Mas dónde buscar la tumba
del amigo fiel y del amante;
aquella del mendigo y del muchacho;
dónde encontrar un asilo
para esos que reciben el ascua
de la original llamarada;
¡sea marcada la urna
por un signo de paz leve como un juego!
Deja la taciturna masa de piedra
por las desamparadas lastras
que a veces tienen grabado
el símbolo que más conmueve
ya que el llanto y la risa
igualmente brotan, gemelos.
Lo mira el triste artesano que al trabajo se dirige
y ya le golpea en el pulso una voluntad ciega.
Para ellas busca un adorno primordial
que sepa por el recuerdo que anticipa
llevar el alma ruda
por caminos de dulces exilios:
una insignificancia, un girasol que se abre
y alrededor una danza de conejos...



a K

Rememoro tu sonrisa, y es para mí como el agua límpida
hallada al azar en la pedrera de un arenal,
exiguo espejo en el que mira una hiedra sus corimbos;
y encima el abrazo de un tranquilo cielo blanco.

Ese es mi recuerdo; no sabria decir, en la distancia,
si en tu rostro se expresa libre un alma ingenua,
o si verdaderamente eres un fugitivo que el mal del mundo extenúa
llevando su sufrir consigo como un talismán.

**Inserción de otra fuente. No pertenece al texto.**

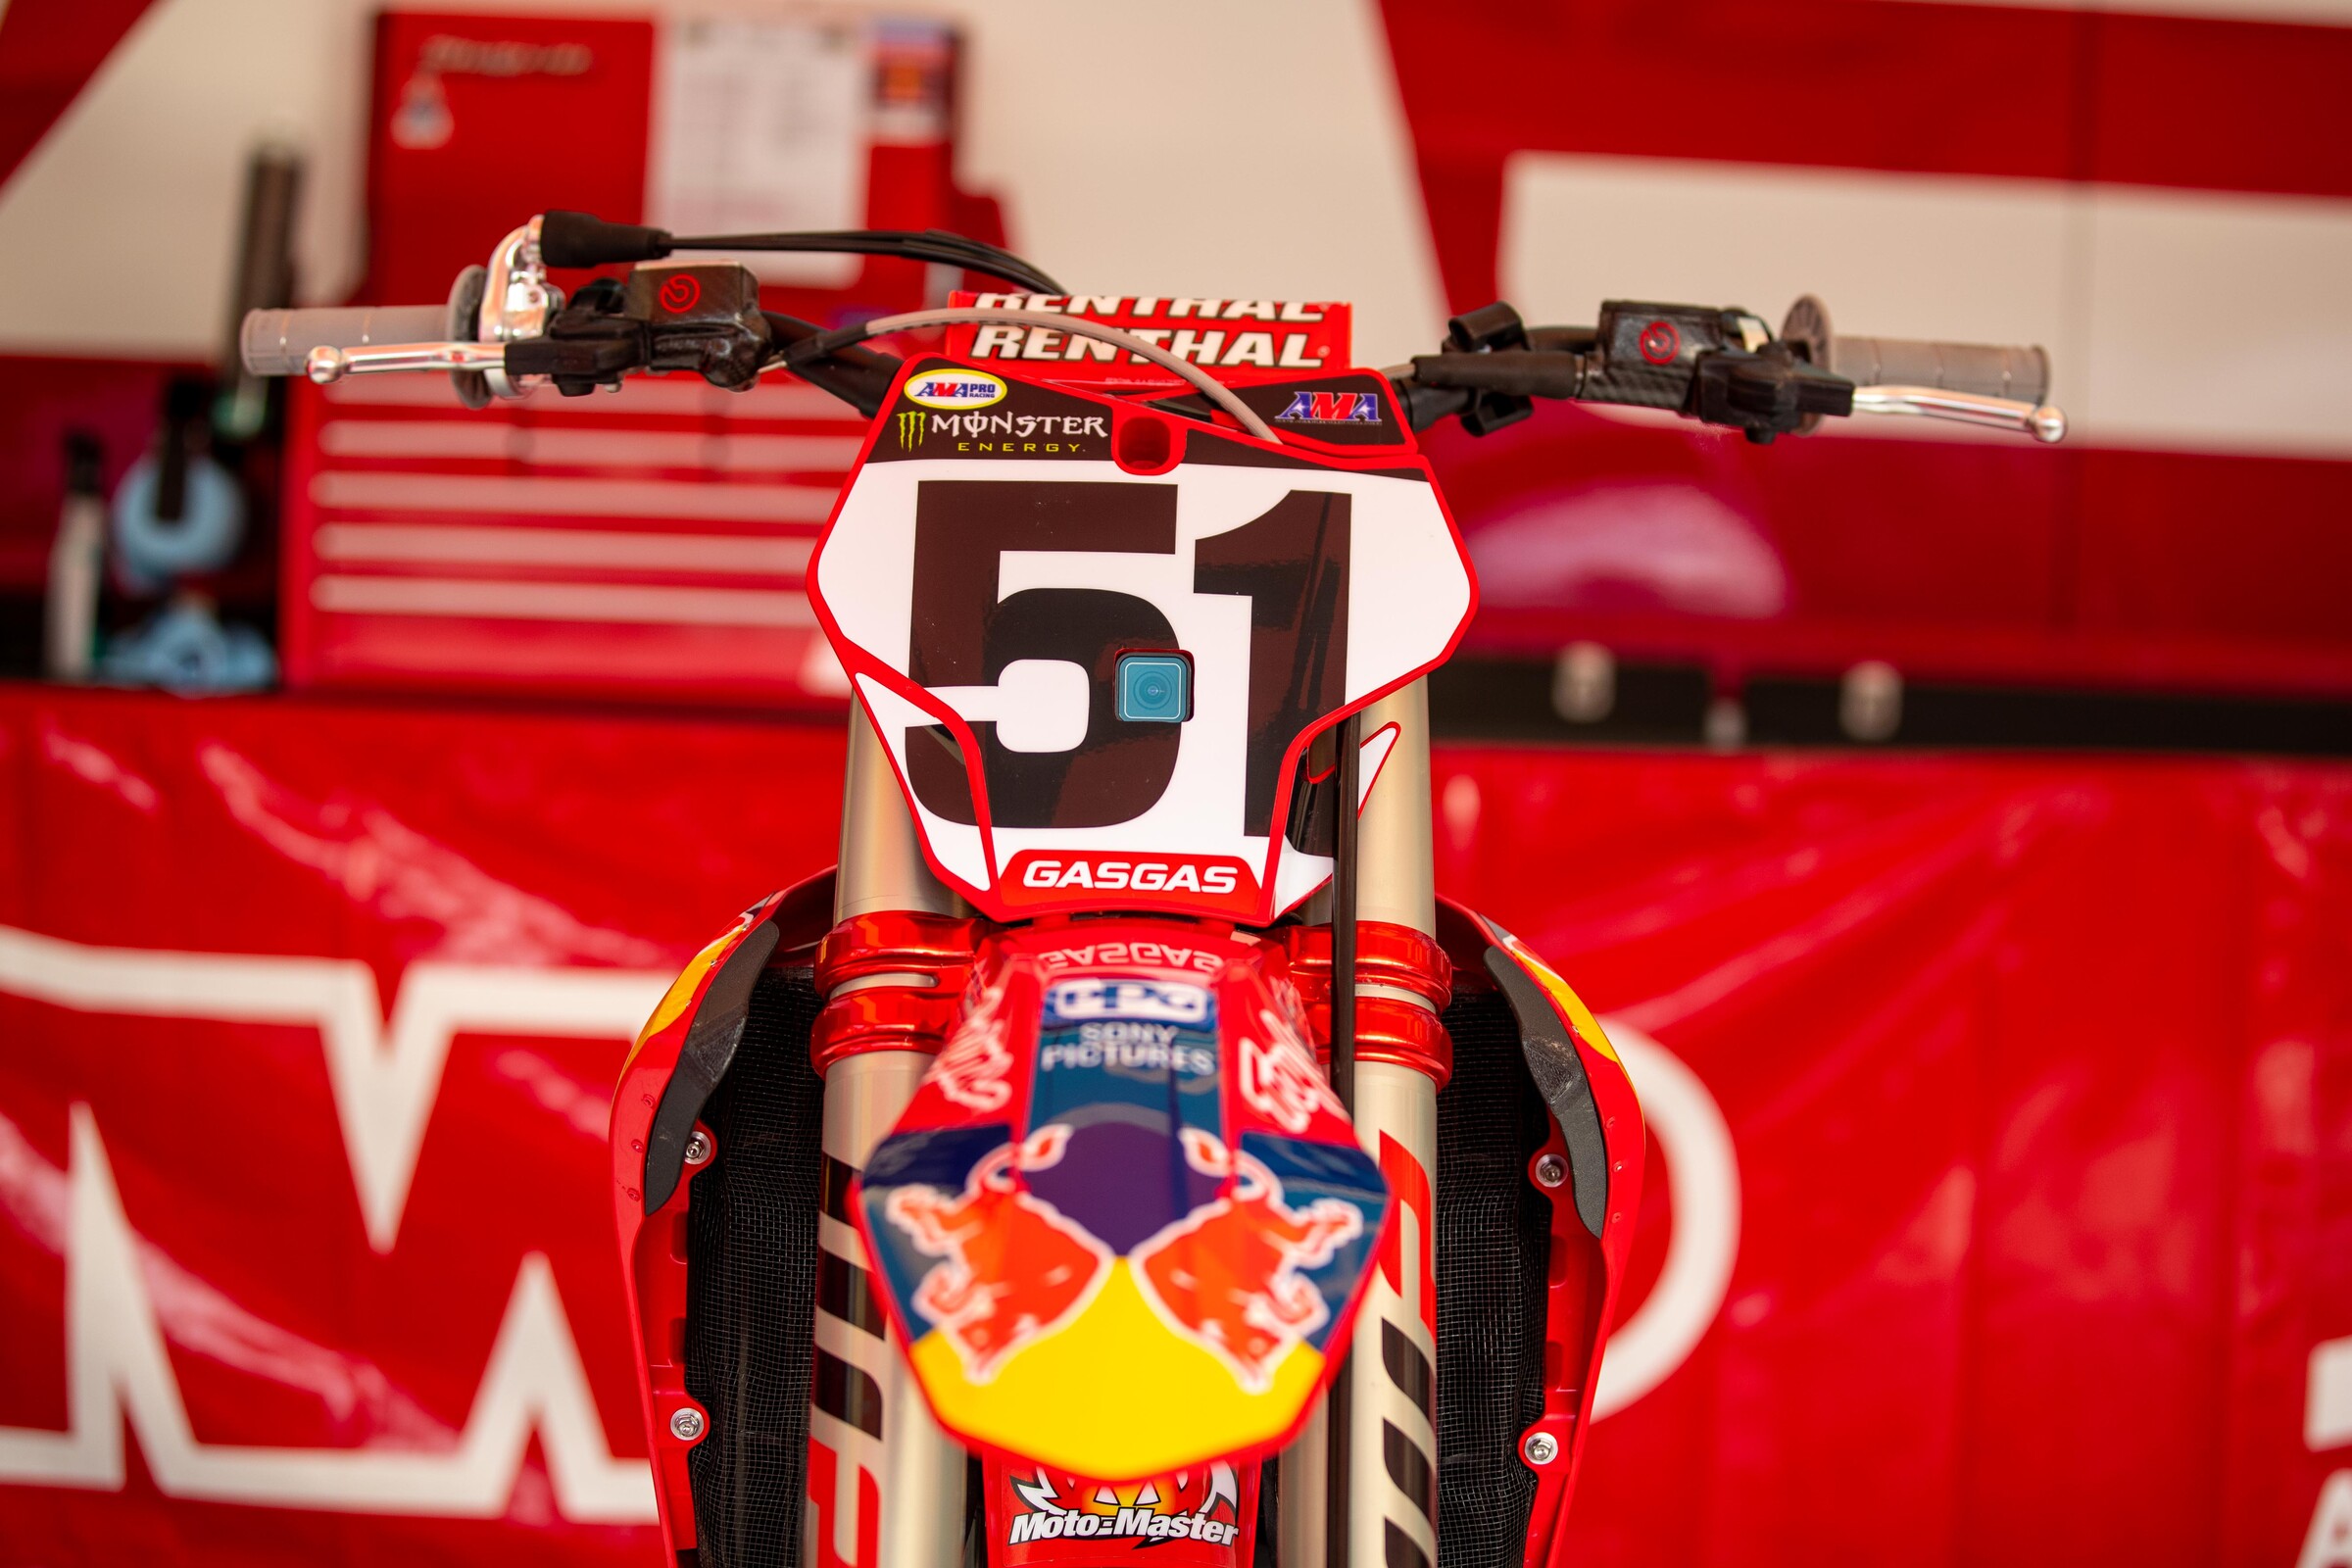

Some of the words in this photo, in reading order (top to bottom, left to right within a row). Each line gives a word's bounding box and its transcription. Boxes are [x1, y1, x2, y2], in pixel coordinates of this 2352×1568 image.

[914, 381, 968, 397] AMA
[970, 383, 996, 393] PRO
[1275, 391, 1382, 421] AMA
[957, 442, 1080, 453] ENERGY
[905, 479, 1351, 857] 51
[1022, 859, 1239, 894] GASGAS
[1079, 1021, 1179, 1043] SONY
[1040, 1041, 1216, 1075] PICTURES

Mas esto puedo decirte, que tu imaginada efigie
sumerge mis caprichosas inquietudes en una oleada de calma,
y que tu semblante se insinúa en mi gris memoria
sencillo como la copa de una joven palmera...





Tráeme el girasol para que yo lo transplante
a mi tierra quemada por la sal,
y muestre todo el día a los azules reverberantes
del cielo la ansiedad de su rostro amarillento.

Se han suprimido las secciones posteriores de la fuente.